A major benefit of state tax agencies jumping in on PFL class content is the fact that many young people may be largely unaware of state and local taxes. When many people hear “taxes,” they tend to think of federal income tax. Of course, there are many other taxes, including state income tax. There are different rules and guidelines by state, so it’s important for residents of the 41 states that charge state income taxes to be aware of the basics.  

With remote work becoming more common, it is increasingly important that young earners who may work predominantly online to know about their obligations to file state income taxes. State tax agencies will have the most up-to-date information to incorporate into PFL classes, while other sources of content may have been created pre-Covid and not take remote work into account. Young people must also be aware of penalties for not filing state income taxes, including liens on their property.

States May Miss Out on Revenue Due to Unaware Earners

States have an incentive to help with PFL content aside from good citizenry. Unfortunately, many people miss filing their taxes out of confusion or lack of awareness, which deprives cities and states of needed tax revenue. Ensuring that paying state and local taxes is part of all high school PFL classes can reduce the number of earners who fail to follow through on filing. As of 2020, about 18 percent of eligible taxpayers did not file their state or federal taxes, representing a sizable chunk of revenue.  

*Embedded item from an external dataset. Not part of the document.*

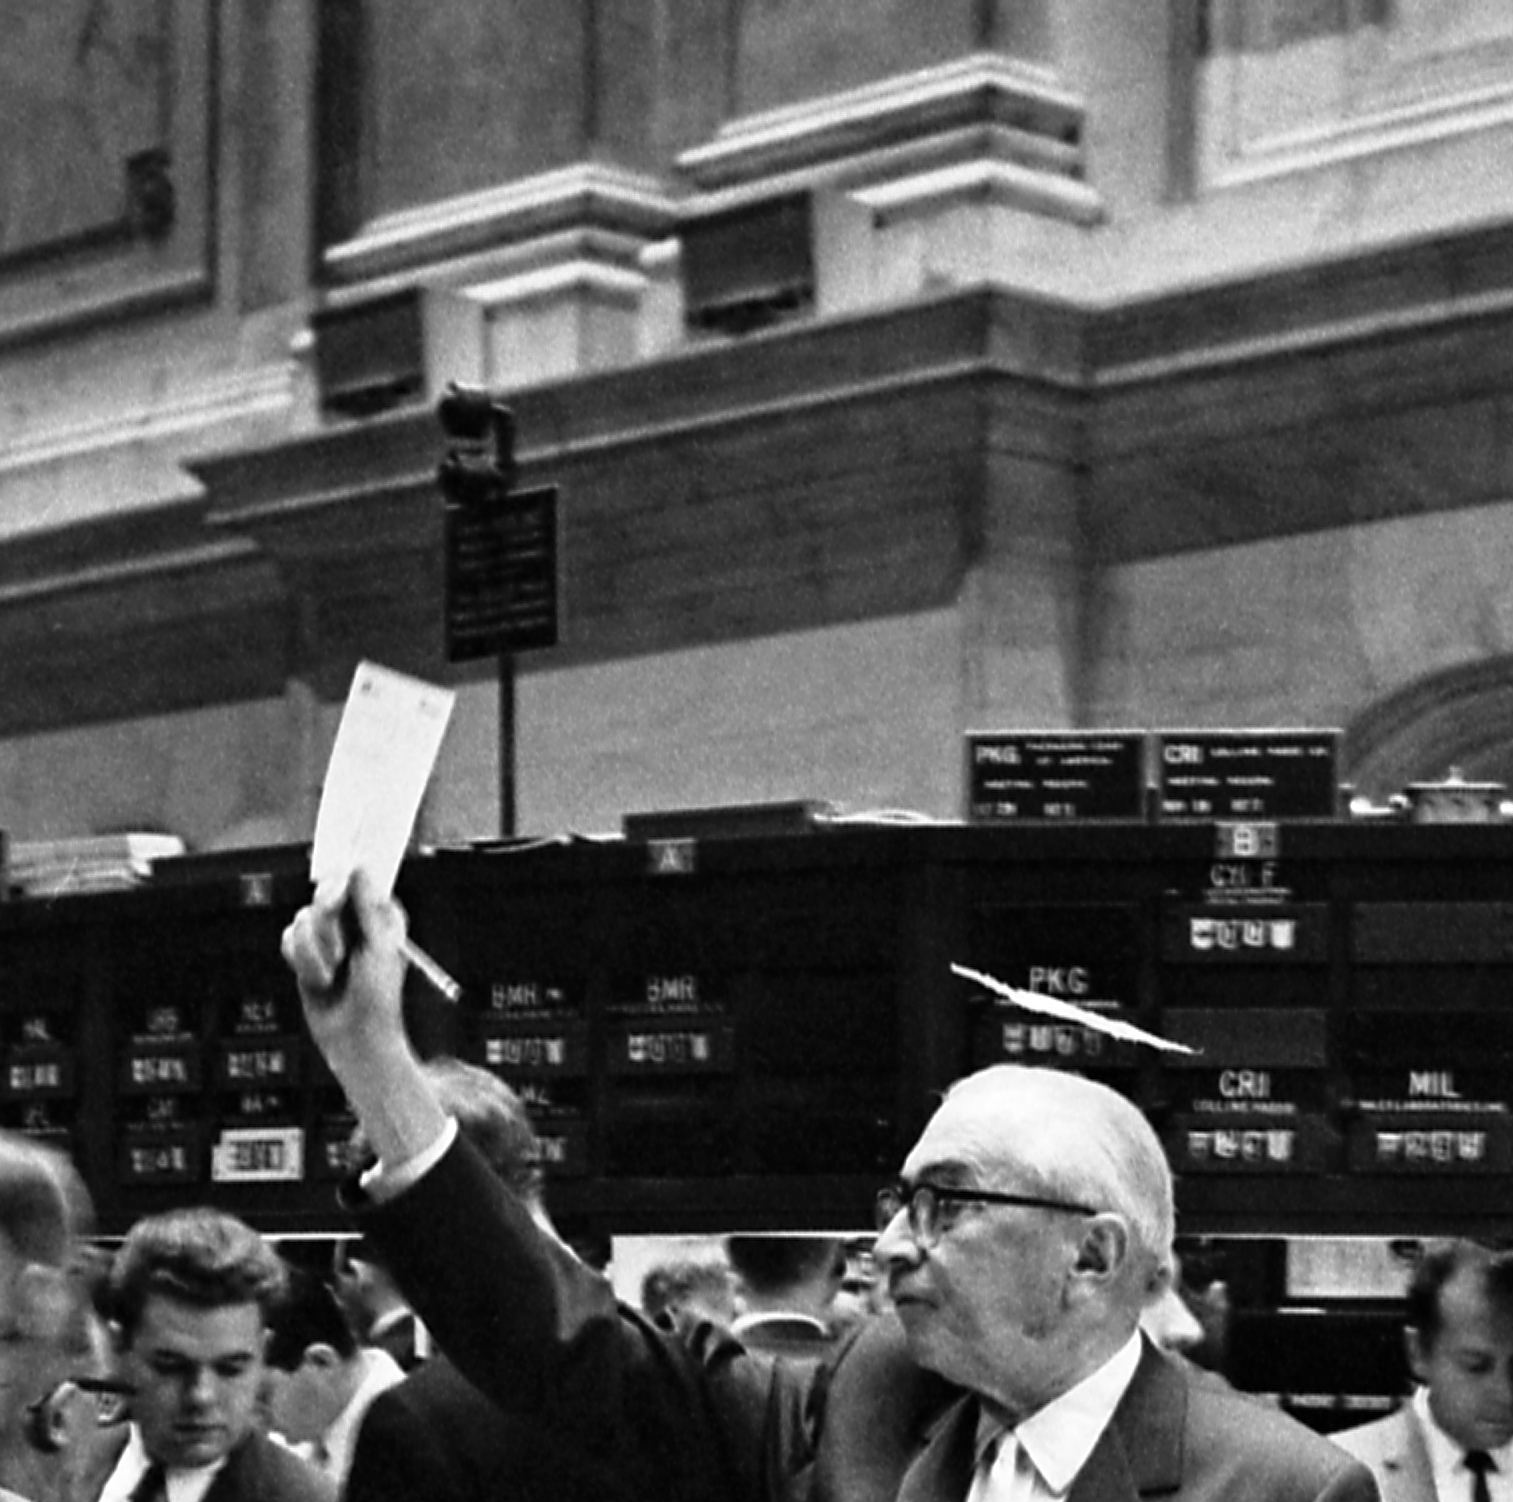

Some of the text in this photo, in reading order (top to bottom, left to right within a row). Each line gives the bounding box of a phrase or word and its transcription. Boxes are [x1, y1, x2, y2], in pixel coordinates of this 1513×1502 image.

[1029, 966, 1088, 994] PKG
[1219, 1069, 1270, 1098] CRI
[1409, 1070, 1463, 1098] MIL
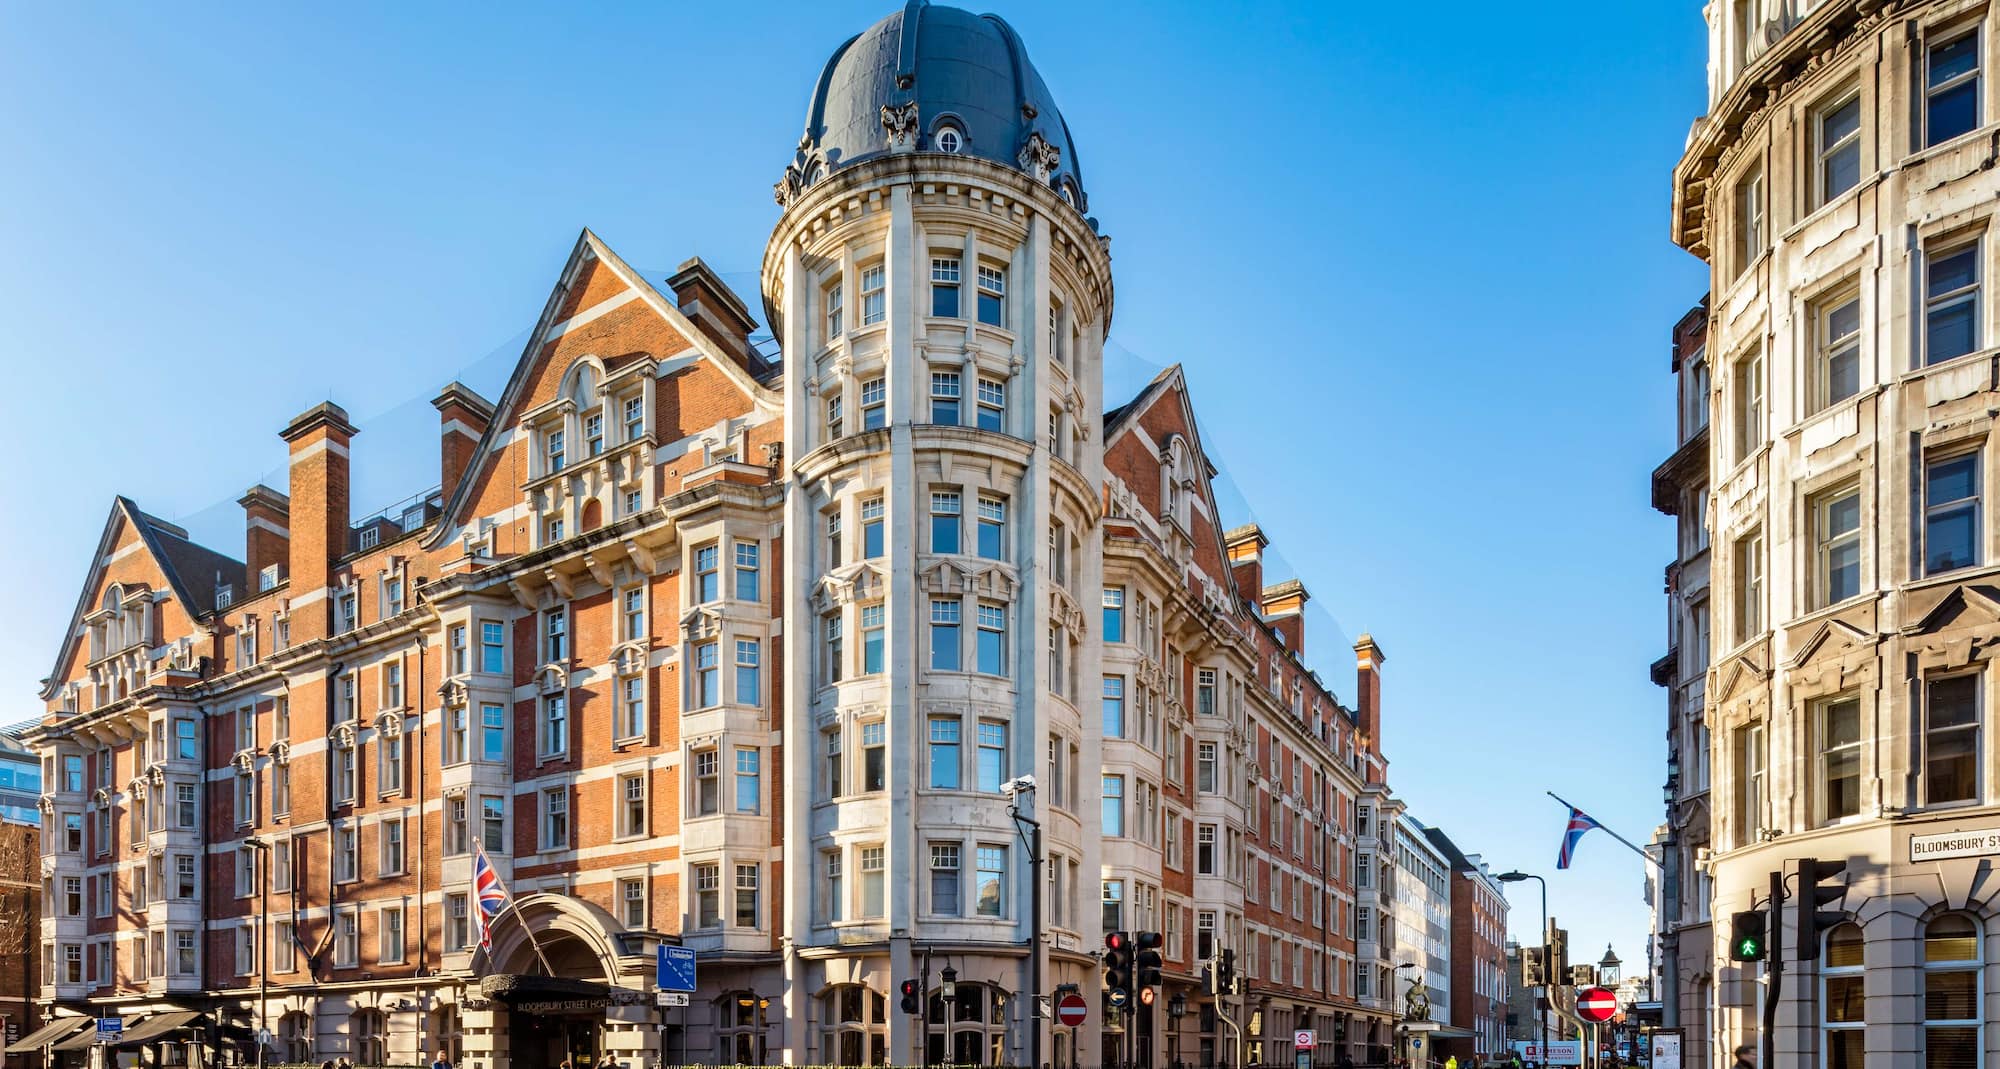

At the federal level, nonpayment or underpayment represents up to $1 trillion worth of unpaid tax revenue. This leaves valuable government programs underfunded and can even force higher tax burdens on those who pay their taxes on time. To make sure the system works smoothly and nobody is unfairly burdened by others’ nonpayment, at both the state and federal levels, it would be invaluable to have state tax agencies help schools with PFL content and curriculum.

About the Author

Owen Rust

Owen Rust teaches AP Economics and AP Government in Texas, and has also taught Personal Financial Literacy, which Texas high schools must now offer! He has a Master's degree in Finance and Economics from West Texas A&M University and is passionate about young people learning how to take charge of their financial and investing goals. Outside of teaching, Owen is also a writer who writes about politics, government, education, economics, and finance and investing.